Pasta with Asparagus Pesto
Servings: 4
Dinner

Nutrition per Serving

0 Calories
0g Protein
0g Carbs
0g Fat

Ingredients

1 pound penne or other tubular pasta 1 pound asparagus 1/4 cup pine nuts 2 or 3 medium garlic cloves 1/2 teaspoon salt 1/2 cup extra-virgin olive oil 2 ounces freshly grated Parmigiano-Reggiano (about 2/3 cup)

Instructions

In a 6- to 7-quart kettle bring about 5 quarts salted water to a boil for pasta. Have ready a bowl of ice water. Trim woody ends from asparagus. Cut asparagus stalks crosswise into 2-inch pieces, reserving tips. In a steamer set over boiling water steam stalks, covered, 4 minutes. Add reserved asparagus tips and steam, covered, until just tender, about 1 minute.
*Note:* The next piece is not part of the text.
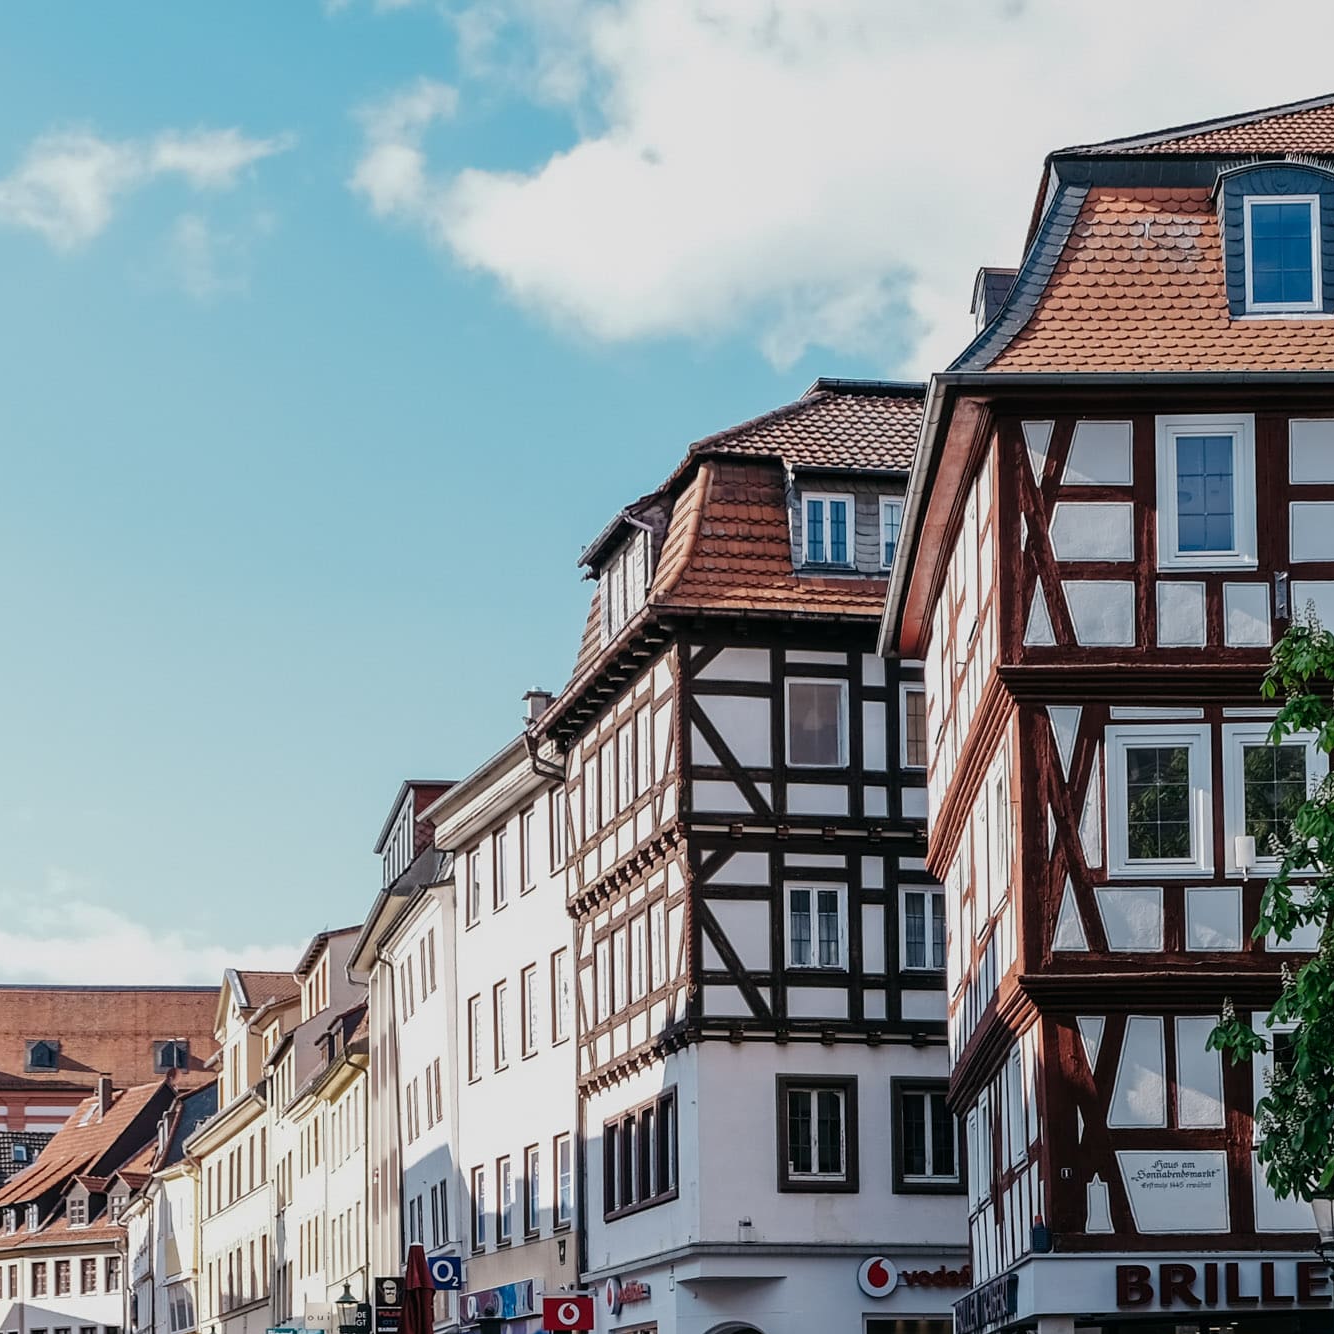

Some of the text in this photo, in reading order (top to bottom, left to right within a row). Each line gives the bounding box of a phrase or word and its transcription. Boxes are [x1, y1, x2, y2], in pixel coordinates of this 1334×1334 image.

Immediately transfer asparagus to ice water to stop cooking. Drain asparagus well in a colander and pat dry. In a food processor pulse pine nuts and garlic with salt until finely chopped. Add asparagus and oil and pulse until asparagus is coarsely chopped. Transfer pesto to a large bowl and stir in Parmigiano-Reggiano. Cook pasta in boiling water until al dente. Reserve 1/3 cup pasta cooking water and drain pasta in a colander. Add pasta and reserved cooking water to pesto, tossing to coat, and season with salt and pepper.